Outre le classique pistolet et fusil à pompe, Mouse va vous offrir d'autres armes qui font varier le gameplay, comme une mitraillette (intelligemment nommée le “James Gun”) qui permet de liquider les ennemis en grand nombre, un véritable canon pour faire de gros dégâts et casser des murs, une arme qui tire du poison et inflige des dégâts sur la durée, une tronçonneuse fortement inspiré de Doom… Mouse met beaucoup de parmesan sur les pâtes, au point qu'on finit par utiliser toujours les mêmes armes, oubliant parfois qu'on a d'autres possibilités dans notre inventaire. Vous débloquerez aussi des capacités physiques, comme un double saut, la possibilité de courir brièvement sur certains murs, et de quoi planer temporairement dans les airs… des facultés qui pourront être utilisées en combat pour prendre les adversaires à revers.

Dans l'ensemble, Mouse : P.I For Hire ne manque pas de générosité. Si son gameplay se développe au fil des heures, le jeu manque vraiment de punch manette en main, les différentes armes ne donnent pas une sensation d'impact suffisante pour être pleinement satisfaisante. Chaque séquence d'action est entrecoupée de passage dans le hub, le quartier de Jack Pepper où il pourra améliorer ses armes et aussi accrocher tous les indices trouvés au cours de son enquête sur son tableau. Des séquences qui font respirer entre les niveaux chargés d'adrénaline.

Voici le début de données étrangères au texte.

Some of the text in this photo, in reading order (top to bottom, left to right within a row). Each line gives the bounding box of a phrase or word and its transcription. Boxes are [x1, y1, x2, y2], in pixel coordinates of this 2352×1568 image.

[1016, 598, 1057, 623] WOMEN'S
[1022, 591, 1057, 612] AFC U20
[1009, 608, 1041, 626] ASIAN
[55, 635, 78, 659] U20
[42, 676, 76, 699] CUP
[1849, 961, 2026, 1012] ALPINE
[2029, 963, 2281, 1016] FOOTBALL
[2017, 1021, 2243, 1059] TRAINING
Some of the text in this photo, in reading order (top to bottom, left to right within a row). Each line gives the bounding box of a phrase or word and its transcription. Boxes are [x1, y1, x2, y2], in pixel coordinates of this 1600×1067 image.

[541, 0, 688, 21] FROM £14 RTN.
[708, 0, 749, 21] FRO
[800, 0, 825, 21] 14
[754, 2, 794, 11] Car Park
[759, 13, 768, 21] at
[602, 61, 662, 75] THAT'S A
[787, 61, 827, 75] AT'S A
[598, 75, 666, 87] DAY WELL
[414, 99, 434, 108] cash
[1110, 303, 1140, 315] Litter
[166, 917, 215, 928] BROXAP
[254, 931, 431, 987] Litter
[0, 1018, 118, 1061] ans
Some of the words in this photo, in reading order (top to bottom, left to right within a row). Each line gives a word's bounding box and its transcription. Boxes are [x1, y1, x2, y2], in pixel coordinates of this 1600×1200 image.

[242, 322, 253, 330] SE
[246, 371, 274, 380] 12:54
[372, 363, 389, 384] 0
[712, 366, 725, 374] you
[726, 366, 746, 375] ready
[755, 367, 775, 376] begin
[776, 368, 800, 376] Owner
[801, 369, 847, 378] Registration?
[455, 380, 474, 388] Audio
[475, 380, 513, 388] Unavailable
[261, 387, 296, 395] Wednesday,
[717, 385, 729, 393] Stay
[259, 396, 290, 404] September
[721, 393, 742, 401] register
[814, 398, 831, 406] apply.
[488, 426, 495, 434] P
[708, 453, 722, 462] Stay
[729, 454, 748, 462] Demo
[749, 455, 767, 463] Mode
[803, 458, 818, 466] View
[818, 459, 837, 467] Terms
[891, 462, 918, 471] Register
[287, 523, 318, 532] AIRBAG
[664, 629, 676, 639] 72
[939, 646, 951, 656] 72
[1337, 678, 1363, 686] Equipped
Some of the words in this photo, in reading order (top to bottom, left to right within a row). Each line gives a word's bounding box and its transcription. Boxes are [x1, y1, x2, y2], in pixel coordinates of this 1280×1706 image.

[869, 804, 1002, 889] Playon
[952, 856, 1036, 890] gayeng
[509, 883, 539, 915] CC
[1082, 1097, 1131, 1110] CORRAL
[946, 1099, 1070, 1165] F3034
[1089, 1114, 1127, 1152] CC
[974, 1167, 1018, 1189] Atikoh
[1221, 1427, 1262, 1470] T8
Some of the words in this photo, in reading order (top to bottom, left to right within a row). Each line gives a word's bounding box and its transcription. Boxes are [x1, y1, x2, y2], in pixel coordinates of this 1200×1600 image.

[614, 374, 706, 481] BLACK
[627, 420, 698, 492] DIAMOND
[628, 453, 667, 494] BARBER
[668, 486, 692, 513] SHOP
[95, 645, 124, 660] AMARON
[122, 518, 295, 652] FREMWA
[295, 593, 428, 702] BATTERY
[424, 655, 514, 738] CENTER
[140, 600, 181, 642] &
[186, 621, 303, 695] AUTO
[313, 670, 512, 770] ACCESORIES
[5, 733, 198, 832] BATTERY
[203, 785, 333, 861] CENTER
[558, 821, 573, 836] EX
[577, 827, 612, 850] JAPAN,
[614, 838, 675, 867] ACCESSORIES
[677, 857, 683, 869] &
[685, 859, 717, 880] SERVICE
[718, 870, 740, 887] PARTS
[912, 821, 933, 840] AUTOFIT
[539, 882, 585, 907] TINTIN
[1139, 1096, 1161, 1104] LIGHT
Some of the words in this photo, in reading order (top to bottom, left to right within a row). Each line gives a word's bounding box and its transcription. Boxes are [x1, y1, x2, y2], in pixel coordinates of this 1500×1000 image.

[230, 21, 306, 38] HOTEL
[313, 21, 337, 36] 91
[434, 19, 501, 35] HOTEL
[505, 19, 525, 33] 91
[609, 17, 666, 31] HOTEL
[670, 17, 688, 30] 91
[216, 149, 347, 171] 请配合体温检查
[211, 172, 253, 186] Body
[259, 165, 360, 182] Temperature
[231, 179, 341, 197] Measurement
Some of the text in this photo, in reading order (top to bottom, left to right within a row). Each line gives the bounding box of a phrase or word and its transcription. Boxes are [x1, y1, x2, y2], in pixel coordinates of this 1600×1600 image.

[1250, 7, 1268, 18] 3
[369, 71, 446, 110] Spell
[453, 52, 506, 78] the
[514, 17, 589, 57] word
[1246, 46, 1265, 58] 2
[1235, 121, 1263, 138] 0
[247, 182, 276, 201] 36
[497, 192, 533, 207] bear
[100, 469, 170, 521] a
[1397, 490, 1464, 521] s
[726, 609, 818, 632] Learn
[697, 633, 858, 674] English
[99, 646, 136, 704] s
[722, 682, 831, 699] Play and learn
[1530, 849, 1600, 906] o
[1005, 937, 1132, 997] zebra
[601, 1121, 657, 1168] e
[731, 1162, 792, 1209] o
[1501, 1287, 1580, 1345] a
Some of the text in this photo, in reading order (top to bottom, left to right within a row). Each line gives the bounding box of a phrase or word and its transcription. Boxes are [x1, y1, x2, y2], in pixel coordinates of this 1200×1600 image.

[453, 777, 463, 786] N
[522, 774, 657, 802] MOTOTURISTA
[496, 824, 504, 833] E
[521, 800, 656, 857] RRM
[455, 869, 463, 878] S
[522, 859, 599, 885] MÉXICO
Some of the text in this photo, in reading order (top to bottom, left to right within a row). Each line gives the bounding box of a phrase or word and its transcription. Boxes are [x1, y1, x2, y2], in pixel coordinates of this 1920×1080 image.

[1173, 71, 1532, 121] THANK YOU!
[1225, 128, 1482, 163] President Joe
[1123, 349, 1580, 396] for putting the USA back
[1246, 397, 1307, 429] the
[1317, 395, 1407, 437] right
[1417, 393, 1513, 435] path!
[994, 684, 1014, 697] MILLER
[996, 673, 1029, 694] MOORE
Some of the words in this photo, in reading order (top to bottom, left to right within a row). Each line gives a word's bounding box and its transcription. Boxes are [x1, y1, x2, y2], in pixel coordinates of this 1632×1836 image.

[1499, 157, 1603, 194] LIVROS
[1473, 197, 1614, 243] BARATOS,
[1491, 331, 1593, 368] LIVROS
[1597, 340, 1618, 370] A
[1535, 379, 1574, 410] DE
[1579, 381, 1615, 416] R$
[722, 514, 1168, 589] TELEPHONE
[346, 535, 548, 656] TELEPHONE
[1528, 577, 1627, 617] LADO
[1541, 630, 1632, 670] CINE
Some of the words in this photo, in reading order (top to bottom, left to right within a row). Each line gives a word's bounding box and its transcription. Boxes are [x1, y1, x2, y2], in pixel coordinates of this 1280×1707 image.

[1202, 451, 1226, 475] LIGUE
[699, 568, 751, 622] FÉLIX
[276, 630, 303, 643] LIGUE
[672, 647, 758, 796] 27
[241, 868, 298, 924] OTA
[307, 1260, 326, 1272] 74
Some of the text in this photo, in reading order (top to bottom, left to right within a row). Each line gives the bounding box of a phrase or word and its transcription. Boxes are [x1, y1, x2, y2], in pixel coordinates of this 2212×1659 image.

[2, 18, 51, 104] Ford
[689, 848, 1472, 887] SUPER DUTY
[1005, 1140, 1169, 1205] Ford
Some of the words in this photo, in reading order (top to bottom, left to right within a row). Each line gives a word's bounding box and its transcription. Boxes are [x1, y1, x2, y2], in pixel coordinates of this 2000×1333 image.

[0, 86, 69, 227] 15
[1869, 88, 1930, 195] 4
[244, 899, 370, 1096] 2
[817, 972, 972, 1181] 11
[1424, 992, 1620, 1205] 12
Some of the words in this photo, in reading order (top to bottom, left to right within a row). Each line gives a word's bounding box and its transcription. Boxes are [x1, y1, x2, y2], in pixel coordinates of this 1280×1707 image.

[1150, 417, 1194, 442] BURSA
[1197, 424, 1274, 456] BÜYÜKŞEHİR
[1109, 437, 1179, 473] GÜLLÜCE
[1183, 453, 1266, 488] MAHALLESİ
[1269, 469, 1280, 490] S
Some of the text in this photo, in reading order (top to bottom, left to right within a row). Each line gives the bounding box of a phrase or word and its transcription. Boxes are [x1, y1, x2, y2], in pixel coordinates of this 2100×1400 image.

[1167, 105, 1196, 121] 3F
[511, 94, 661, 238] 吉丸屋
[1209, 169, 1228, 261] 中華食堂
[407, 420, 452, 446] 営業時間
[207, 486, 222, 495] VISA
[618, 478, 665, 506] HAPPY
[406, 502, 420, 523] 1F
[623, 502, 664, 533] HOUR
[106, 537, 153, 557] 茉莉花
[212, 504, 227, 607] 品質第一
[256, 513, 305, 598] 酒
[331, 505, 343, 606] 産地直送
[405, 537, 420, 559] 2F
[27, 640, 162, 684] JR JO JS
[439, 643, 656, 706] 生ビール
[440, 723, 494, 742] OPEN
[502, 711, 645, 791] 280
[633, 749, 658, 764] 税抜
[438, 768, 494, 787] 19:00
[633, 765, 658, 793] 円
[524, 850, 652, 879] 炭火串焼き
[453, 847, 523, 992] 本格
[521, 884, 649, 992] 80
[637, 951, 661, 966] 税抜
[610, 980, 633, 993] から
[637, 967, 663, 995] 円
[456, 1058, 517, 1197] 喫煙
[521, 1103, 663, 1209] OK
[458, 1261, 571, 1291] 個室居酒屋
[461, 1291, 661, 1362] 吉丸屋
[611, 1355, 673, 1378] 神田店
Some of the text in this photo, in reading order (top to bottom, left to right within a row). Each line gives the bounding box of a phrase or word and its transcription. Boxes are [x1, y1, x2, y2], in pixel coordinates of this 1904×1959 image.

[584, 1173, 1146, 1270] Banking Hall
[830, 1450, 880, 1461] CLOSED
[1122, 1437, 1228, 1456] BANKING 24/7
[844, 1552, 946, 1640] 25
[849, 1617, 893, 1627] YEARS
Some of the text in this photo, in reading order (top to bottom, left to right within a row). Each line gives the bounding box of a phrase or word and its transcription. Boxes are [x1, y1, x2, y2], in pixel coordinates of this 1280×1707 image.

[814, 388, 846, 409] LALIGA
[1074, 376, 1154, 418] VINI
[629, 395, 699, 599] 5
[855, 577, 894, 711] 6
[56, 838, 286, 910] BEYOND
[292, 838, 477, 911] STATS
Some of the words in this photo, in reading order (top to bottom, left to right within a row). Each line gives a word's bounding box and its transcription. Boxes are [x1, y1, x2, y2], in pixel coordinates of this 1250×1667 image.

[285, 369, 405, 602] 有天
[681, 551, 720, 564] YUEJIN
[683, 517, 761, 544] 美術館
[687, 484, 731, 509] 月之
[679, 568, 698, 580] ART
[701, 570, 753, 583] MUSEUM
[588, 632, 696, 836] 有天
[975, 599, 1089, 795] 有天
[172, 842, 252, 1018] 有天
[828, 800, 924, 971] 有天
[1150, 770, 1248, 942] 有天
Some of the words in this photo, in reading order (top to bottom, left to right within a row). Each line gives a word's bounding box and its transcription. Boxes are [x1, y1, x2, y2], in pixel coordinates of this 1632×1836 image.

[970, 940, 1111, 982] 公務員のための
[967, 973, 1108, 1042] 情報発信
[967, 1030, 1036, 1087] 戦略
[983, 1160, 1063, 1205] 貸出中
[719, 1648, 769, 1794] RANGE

Une technique dans un trou de souris

Qu’en est-il de la technique ? Mouse : P.I For Hire n'en sort malheureusement pas avec les honneurs. Si visuellement il n'y a vraiment rien à redire, c'est le framerate qui pose ici souci. Le jeu propose deux modes de framerate, entre qualité à 30 images par secondes, et un performance qui vise les 60. 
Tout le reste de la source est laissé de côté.